§ Records to process
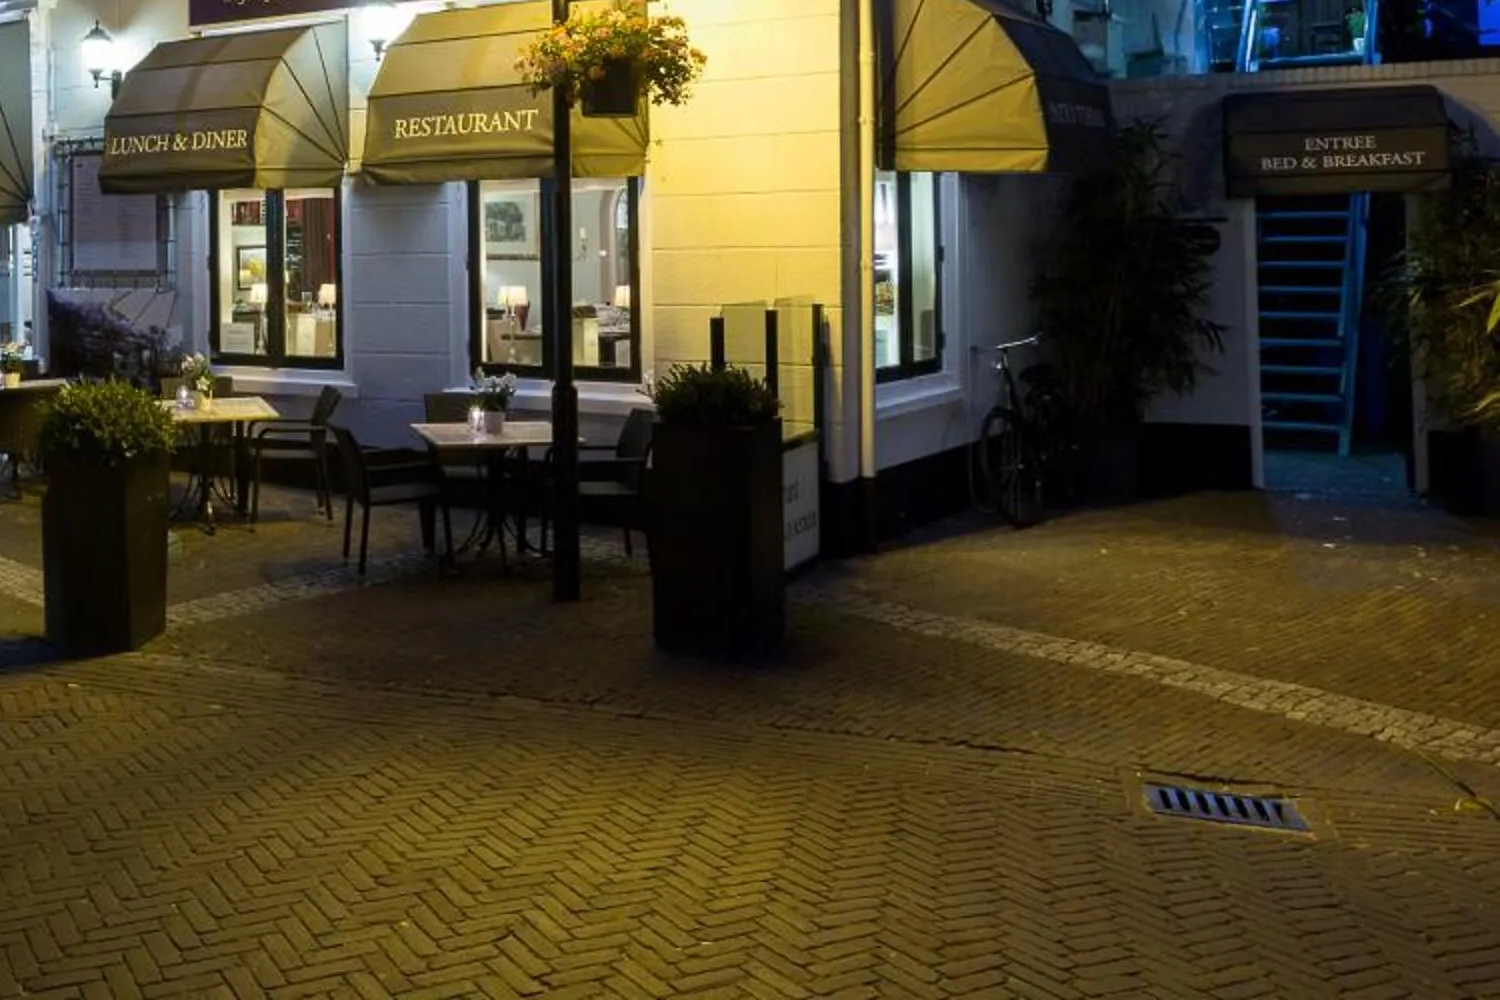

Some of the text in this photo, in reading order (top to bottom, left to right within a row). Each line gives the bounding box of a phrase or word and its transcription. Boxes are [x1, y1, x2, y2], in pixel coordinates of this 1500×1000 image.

[394, 109, 539, 140] RESTAURANT
[109, 129, 248, 156] LUNCH & DINER
[1304, 135, 1377, 151] ENTREE
[1260, 151, 1426, 171] BED & BREAKFAST

§ Exercise requirements
Please, without any pictures, print each entry exactly.

§ Reply
Some of the text in this photo, in reading order (top to bottom, left to right within a row). Each line gives the bounding box of a phrase or word and its transcription. Boxes are [x1, y1, x2, y2], in pixel coordinates of this 1500×1000 image.

[394, 109, 539, 140] RESTAURANT
[109, 129, 248, 156] LUNCH & DINER
[1304, 135, 1377, 151] ENTREE
[1260, 151, 1426, 171] BED & BREAKFAST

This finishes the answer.